→ **To do**: Where an image appears in the data, omit it and reproduce the rest exactly.
Entries shown section start
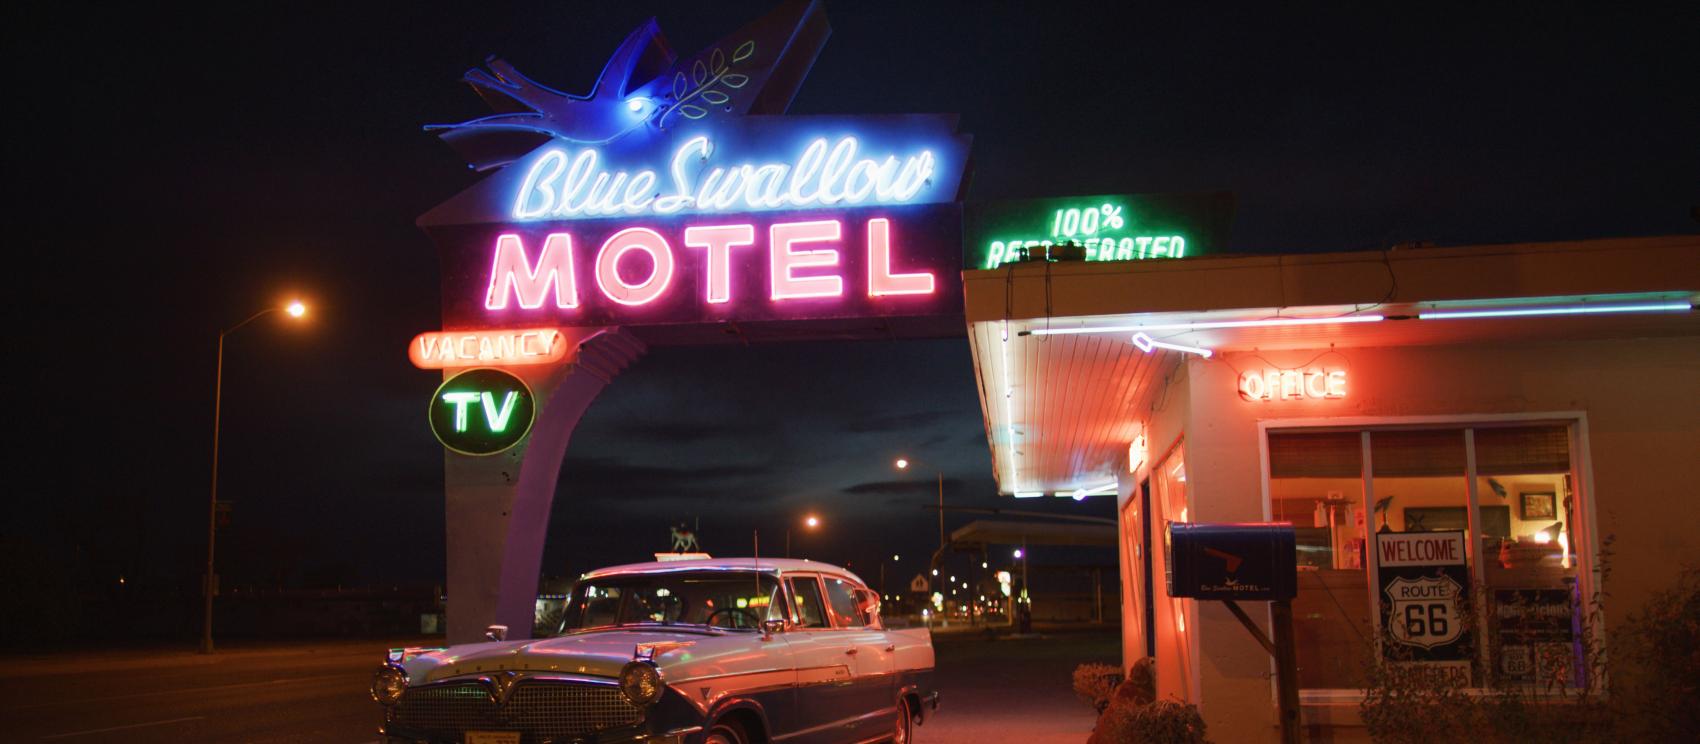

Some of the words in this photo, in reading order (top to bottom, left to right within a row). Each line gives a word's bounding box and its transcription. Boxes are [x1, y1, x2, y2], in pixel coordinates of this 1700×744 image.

[512, 148, 666, 219] Blue
[655, 136, 935, 213] Swallow
[1052, 203, 1125, 238] 100%
[485, 218, 935, 310] MOTEL
[418, 328, 559, 362] VACANCY
[1238, 369, 1347, 402] OFFICE
[441, 390, 519, 434] TV
[1382, 538, 1459, 563] WELCOME
[1401, 585, 1446, 598] ROUTE
[1405, 603, 1448, 637] 66
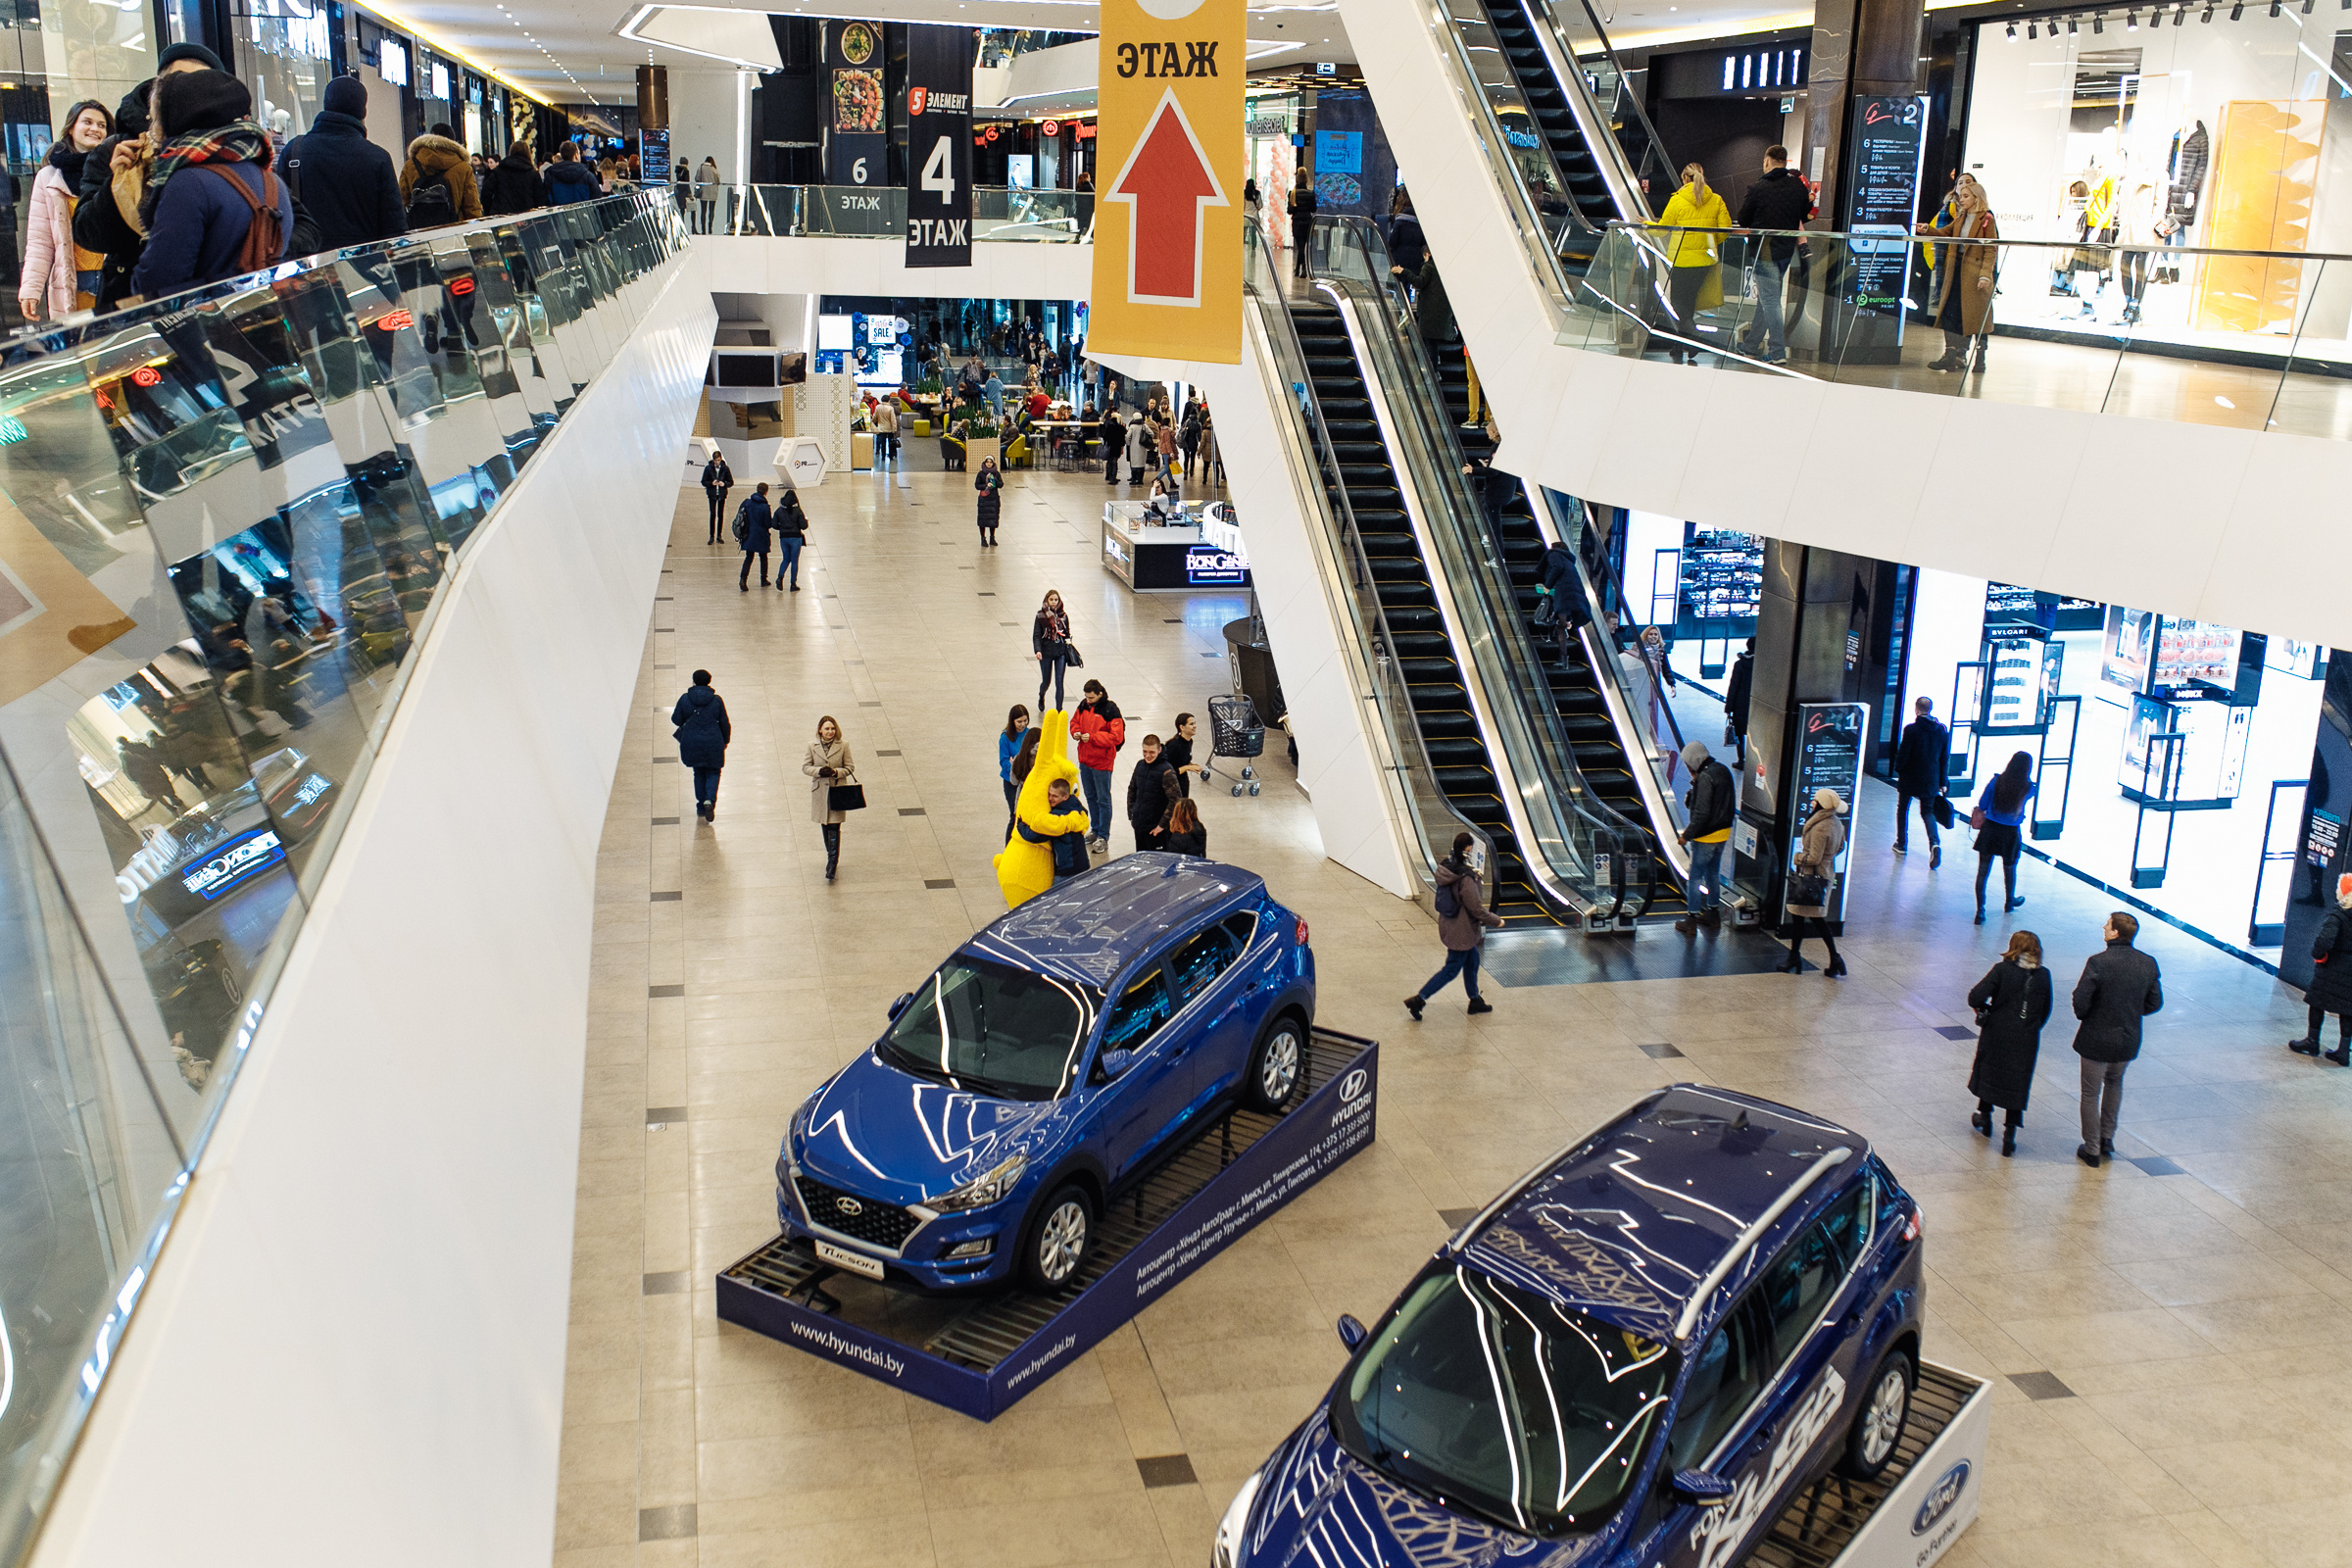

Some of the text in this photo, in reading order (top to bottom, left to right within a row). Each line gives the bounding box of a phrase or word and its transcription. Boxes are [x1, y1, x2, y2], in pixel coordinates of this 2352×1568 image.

[1117, 41, 1218, 78] ЭТАЖ
[911, 91, 968, 111] 5 ЭЛЕМЕНТ
[1902, 104, 1918, 124] 2
[1863, 139, 1871, 148] 6
[852, 157, 868, 184] 6
[921, 135, 956, 205] 4
[1861, 164, 1868, 174] 5
[1858, 187, 1865, 196] 4
[841, 196, 881, 210] ЭТАЖ
[1856, 206, 1863, 217] 3
[908, 219, 968, 246] ЭТАЖ
[1850, 256, 1858, 266] 1
[874, 327, 890, 338] SALE
[1844, 712, 1859, 730] 1
[1806, 744, 1814, 753] 6
[1802, 786, 1810, 794] 4
[1800, 803, 1807, 811] 3
[1799, 817, 1806, 826] 2
[1332, 1091, 1372, 1127] HYUNDAI
[1137, 1247, 1176, 1281] Автоцентр
[1201, 1205, 1235, 1234] АвтоГрад»
[1322, 1133, 1338, 1149] +375
[1137, 1264, 1176, 1298] Автоцентр
[1201, 1229, 1223, 1251] Центр
[1323, 1148, 1338, 1165] +375
[822, 1245, 876, 1271] TUCSON
[791, 1321, 905, 1377] www.hyundai.by
[1007, 1333, 1076, 1390] www.hyundai.by
[1920, 1469, 1961, 1529] Ford
[1917, 1518, 1958, 1568] Go Further
Entries shown section end
→ **Response for this exercise**:
Some of the words in this photo, in reading order (top to bottom, left to right within a row). Each line gives a word's bounding box and its transcription. Boxes are [x1, y1, x2, y2], in pixel coordinates of this 1700×744 image.

[512, 148, 666, 219] Blue
[655, 136, 935, 213] Swallow
[1052, 203, 1125, 238] 100%
[485, 218, 935, 310] MOTEL
[418, 328, 559, 362] VACANCY
[1238, 369, 1347, 402] OFFICE
[441, 390, 519, 434] TV
[1382, 538, 1459, 563] WELCOME
[1401, 585, 1446, 598] ROUTE
[1405, 603, 1448, 637] 66

Some of the text in this photo, in reading order (top to bottom, left to right within a row). Each line gives the bounding box of a phrase or word and its transcription. Boxes are [x1, y1, x2, y2], in pixel coordinates of this 2352×1568 image.

[1117, 41, 1218, 78] ЭТАЖ
[911, 91, 968, 111] 5 ЭЛЕМЕНТ
[1902, 104, 1918, 124] 2
[1863, 139, 1871, 148] 6
[852, 157, 868, 184] 6
[921, 135, 956, 205] 4
[1861, 164, 1868, 174] 5
[1858, 187, 1865, 196] 4
[841, 196, 881, 210] ЭТАЖ
[1856, 206, 1863, 217] 3
[908, 219, 968, 246] ЭТАЖ
[1850, 256, 1858, 266] 1
[874, 327, 890, 338] SALE
[1844, 712, 1859, 730] 1
[1806, 744, 1814, 753] 6
[1802, 786, 1810, 794] 4
[1800, 803, 1807, 811] 3
[1799, 817, 1806, 826] 2
[1332, 1091, 1372, 1127] HYUNDAI
[1137, 1247, 1176, 1281] Автоцентр
[1201, 1205, 1235, 1234] АвтоГрад»
[1322, 1133, 1338, 1149] +375
[1137, 1264, 1176, 1298] Автоцентр
[1201, 1229, 1223, 1251] Центр
[1323, 1148, 1338, 1165] +375
[822, 1245, 876, 1271] TUCSON
[791, 1321, 905, 1377] www.hyundai.by
[1007, 1333, 1076, 1390] www.hyundai.by
[1920, 1469, 1961, 1529] Ford
[1917, 1518, 1958, 1568] Go Further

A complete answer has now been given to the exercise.